> [Your objective]
Your answer must be the records below repeated word for word, with no pictures in it.

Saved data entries
=== Begin Enclosure ===

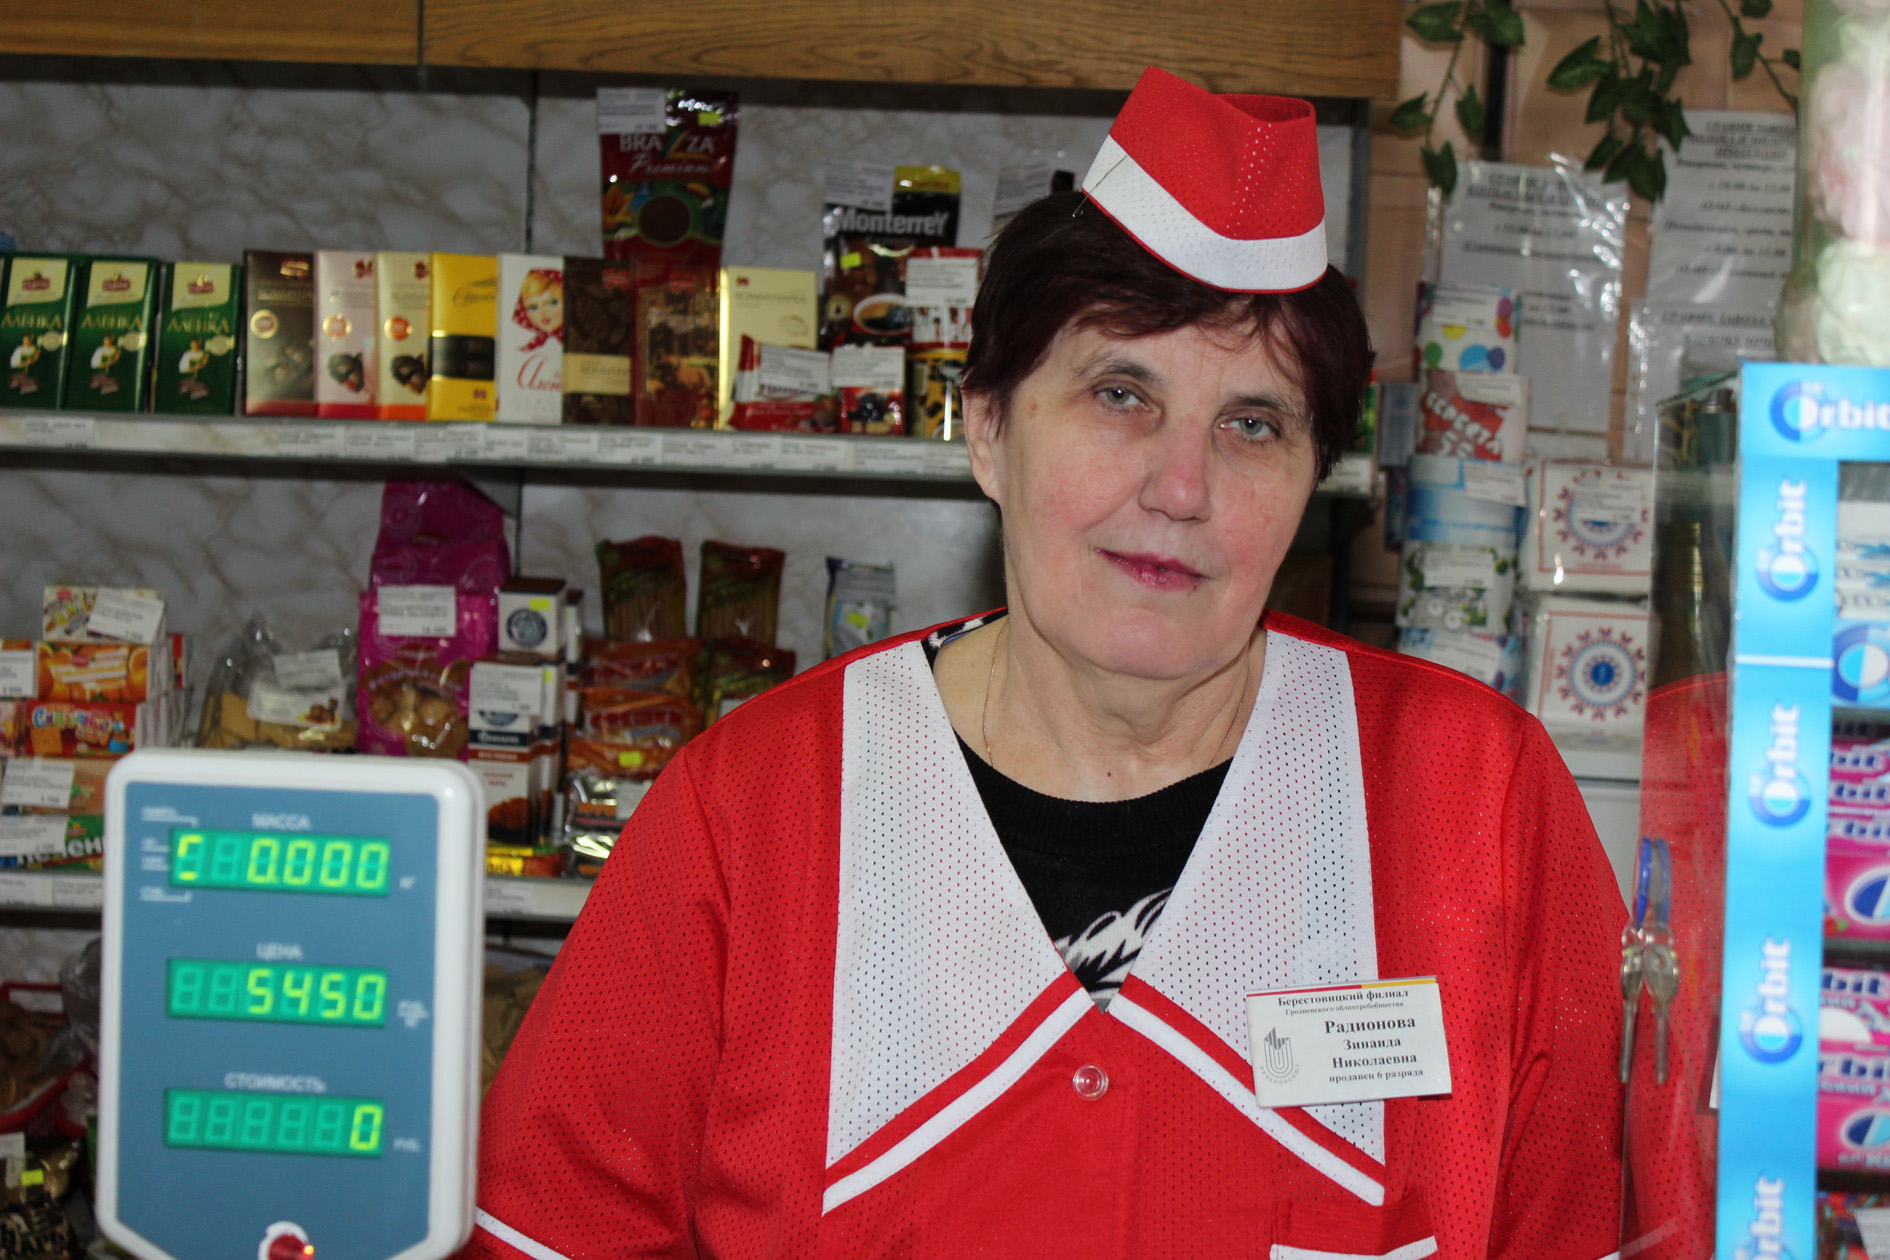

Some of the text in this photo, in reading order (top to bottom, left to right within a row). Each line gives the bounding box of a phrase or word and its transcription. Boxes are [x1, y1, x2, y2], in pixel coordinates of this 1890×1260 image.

[1756, 477, 1819, 602] Orbit
[1749, 702, 1811, 828] Orbit
[252, 813, 310, 830] МАССА
[257, 943, 301, 960] ЦЕНА
[247, 968, 386, 1020] 5450
[1278, 989, 1409, 1006] Берестовицкий филиал
[1739, 937, 1803, 1064] Orbit
[1324, 1017, 1416, 1034] Радионова
[1343, 1038, 1401, 1050] Зинаида
[1332, 1054, 1417, 1069] Николаевна
[225, 1073, 326, 1092] СТОИМОСТЬ
[1329, 1069, 1424, 1083] продавец 6 разряда

=== End Enclosure ===

> [Result of the exercise]
Some of the text in this photo, in reading order (top to bottom, left to right within a row). Each line gives the bounding box of a phrase or word and its transcription. Boxes are [x1, y1, x2, y2], in pixel coordinates of this 1890×1260 image.

[1756, 477, 1819, 602] Orbit
[1749, 702, 1811, 828] Orbit
[252, 813, 310, 830] МАССА
[257, 943, 301, 960] ЦЕНА
[247, 968, 386, 1020] 5450
[1278, 989, 1409, 1006] Берестовицкий филиал
[1739, 937, 1803, 1064] Orbit
[1324, 1017, 1416, 1034] Радионова
[1343, 1038, 1401, 1050] Зинаида
[1332, 1054, 1417, 1069] Николаевна
[225, 1073, 326, 1092] СТОИМОСТЬ
[1329, 1069, 1424, 1083] продавец 6 разряда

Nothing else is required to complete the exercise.